The platforms are tools to your strategy and plan. After you saw where your competition is, where your target market is, then you could decide to also be present on those platforms, and/or ones you realize that are being under-utilized and take advantage of this “social realty space.” For example, is your competition tweeting away and engaging with the target market by promoting their service, pumping out their blog content, and answering customer service questions? Well, you should be too! Note, there are many platforms, and more and more are created daily. My suggestion, find your home base – whether it be Facebook or Twitter or whatever else. Focus on that platform (because that is where your target market is) but also utilize a few others in order to stay on the competitive edge and not fall behind.

Note: there are many platforms out there, but it does not mean you need to be on all of them. Choose what works best for your business and reaching your marketing goals.

6. Set a Content Schedule

As talked about in Step 2, you need content that is relevant. Furthermore, it is helpful to set up a schedule and/or editorial calendar to keep track of weekly/daily posts written by you and your colleagues. I suggest making a “content bank” full of great blog ideas for people to choose from, setting up a weekly schedule of when people will submit their posts, and when they will actually be posted to the blog (after reading over and making sure there are no grammar/spelling mistakes).

Having trouble deciding on blog post topics? Listen to what your community and target market is saying. Do they have “pain points” or certain areas of uncertainty? Answer them! For example, if your company is in the mobile market and people want to know about trouble shooting on their own. Show them! Key point here is to give the readers what they want. Listen first, respond quickly (or your competition will).

7. Corporate Social Media Engagement Policy

Concerned on what people in your company may Tweet or post? Set up some engagement rules so you feel better and/or designate one or two people to be in charge of posting and responding. I suggest a designated community manager, but with a higher level manager to also have access in order to show the company/brand is human and upper management likes to engage with their consumers too. It makes the brand feel more real and the consumers feel they are special.

Note, it is not always easy to respond to criticism and there will be people who respond harshly to your blog posts, Facebook posts, etc. That is the name of the game though — people are allowed to comment, and your brand has to decide how to engage and respond accordingly. Sometimes it is just a spammer, sometimes it is just a disgruntled consumer — each type of comment is unique to a brand and situation and does not necessarily have an automatic response. My suggestion, ignore/delete spam. Do not ignore a disgruntled consumer — because that may lead to more consumers who are against your service via word of mouth. Find out what you can do to help this consumer and avoid this happening again. If you respond quickly and assist, this consumer may tell people how great and efficient your response was. Thus, social media is fabulous for real-time response and consumer service issues (if used properly).
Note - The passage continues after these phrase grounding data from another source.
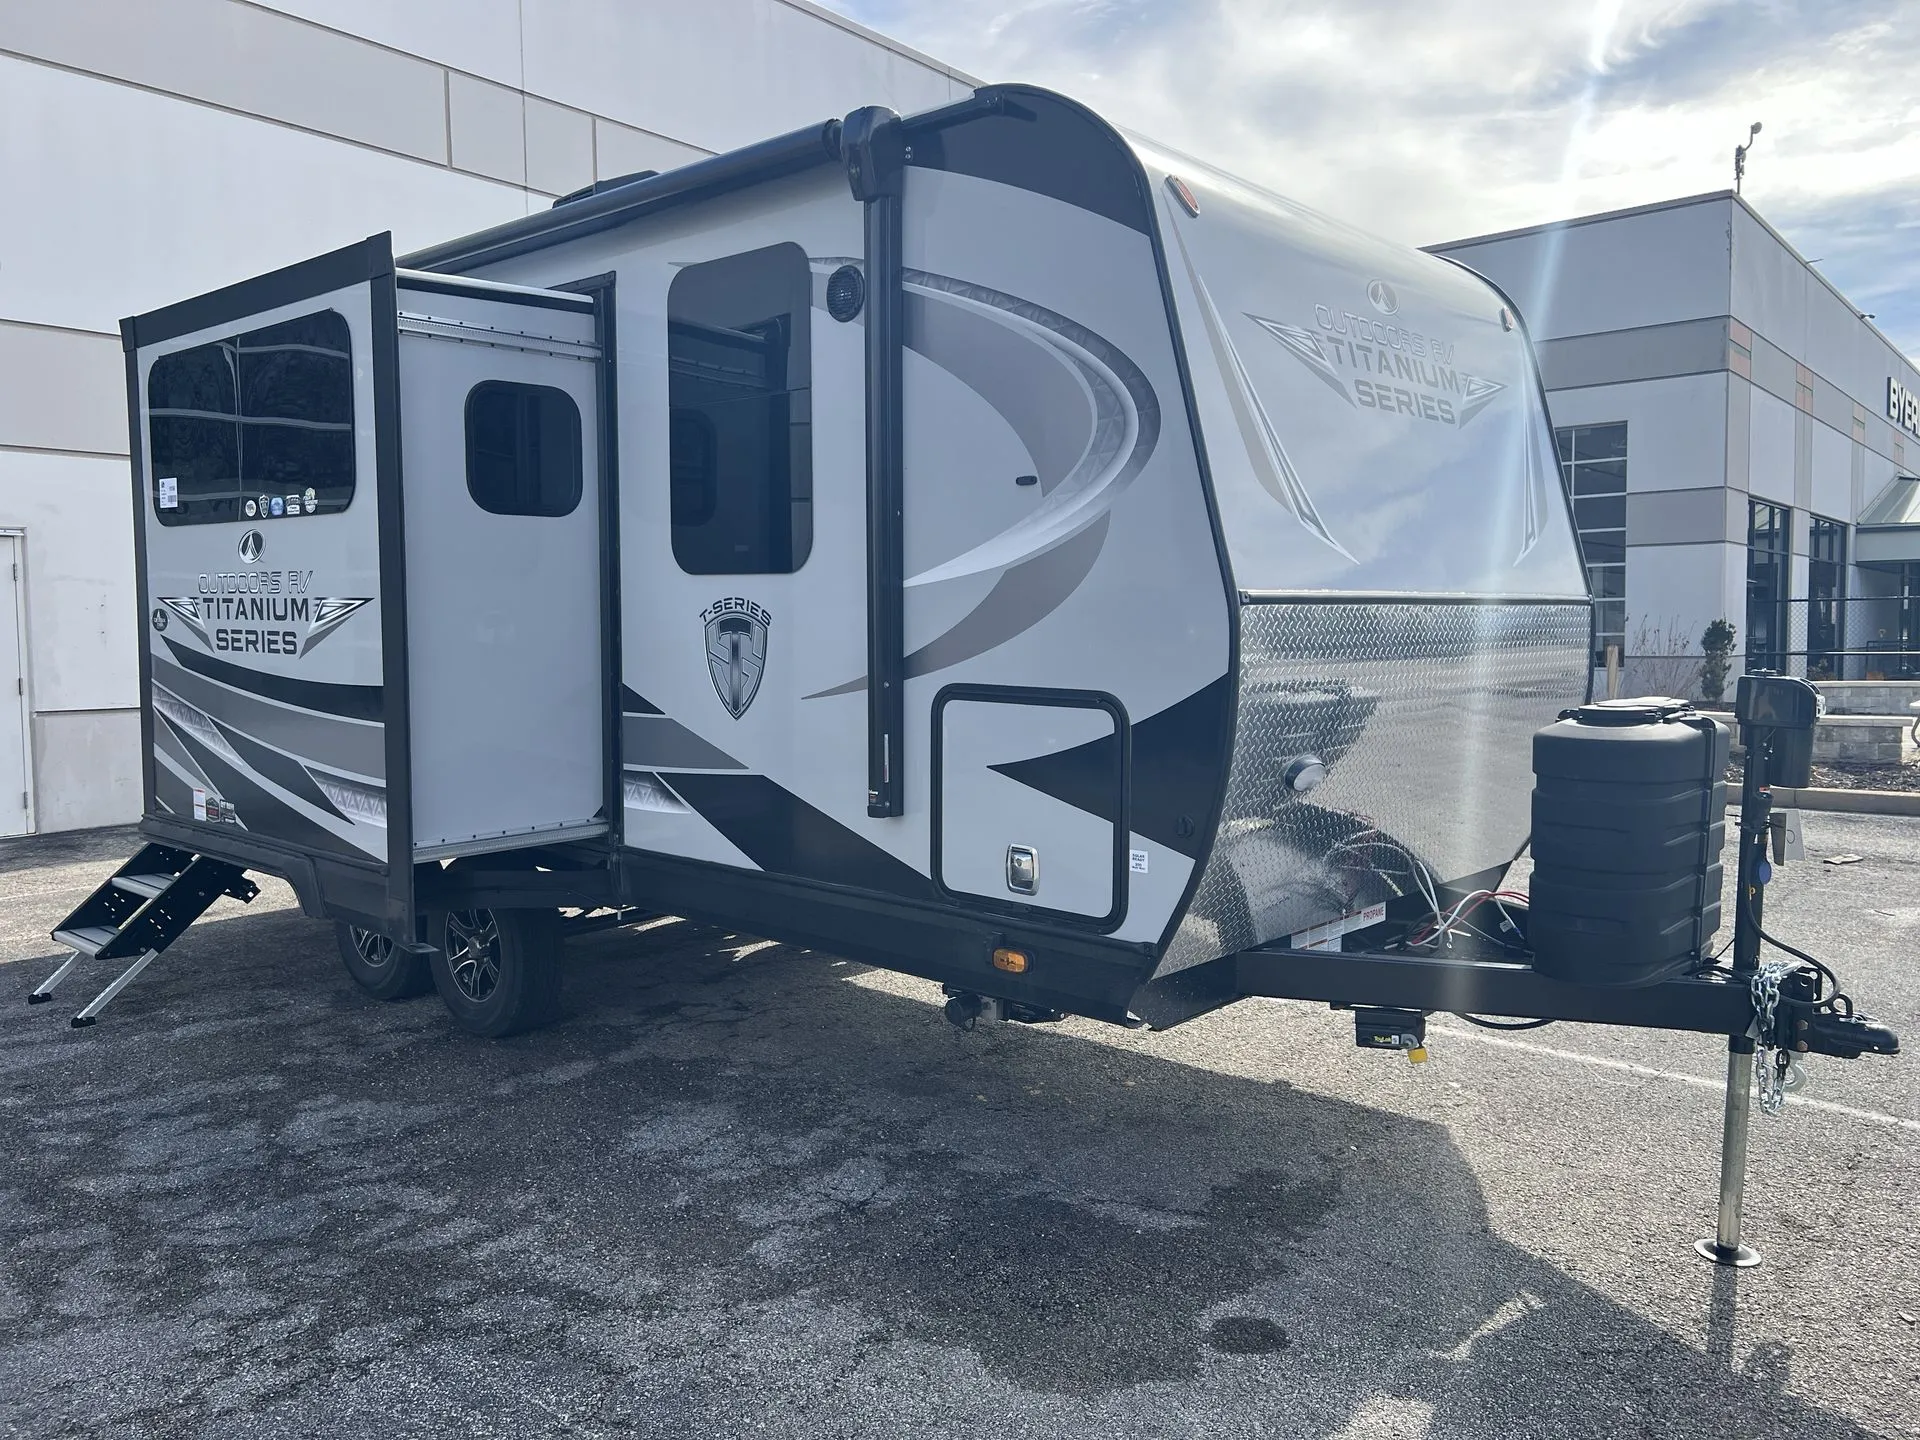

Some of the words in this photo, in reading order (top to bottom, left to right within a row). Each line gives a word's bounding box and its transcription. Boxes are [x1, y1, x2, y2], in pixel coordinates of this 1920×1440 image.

[1315, 303, 1426, 358] OUTDOORS
[1430, 338, 1455, 366] RV
[1326, 335, 1460, 394] TITANIUM
[1354, 378, 1456, 425] SERIES
[1887, 376, 1920, 439] BYER
[198, 571, 281, 595] OUTDOORS
[288, 570, 313, 594] RV
[202, 597, 309, 622] TITANIUM
[699, 597, 772, 627] T-SERIES
[216, 628, 298, 655] SERIES
[1363, 906, 1385, 921] PROPANE
8. Measure, Measure, Measure

It is essential to monitor your success on these platforms. Use Google Analytics to keep track of your blog and traffic and how that traffic is coming to your blog. Is it direct or via social media tools like Facebook and Twitter? Which blog posts had the most traffic? This will assist in seeing what consumers responded and likes the most and allow you to strategize better for future posts. It will also let you see what did not work and how you can revise your strategy if needed.

9. Test it out

In my opinion the best way to get started is to try. After you have put together your plan, “jump in!” This was emphasized by Mike Volpe, VP of Marketing at Hubspot who once said, it is not enough to dip your toes in. So, get Tweeting, posting, and sharing. And remember, social media is not instant gratification. It takes time, like all relationships and business. So, be patient and don’t forget to have fun!

Note: This post was originally written for oneforty, which was acquired by Hubspot.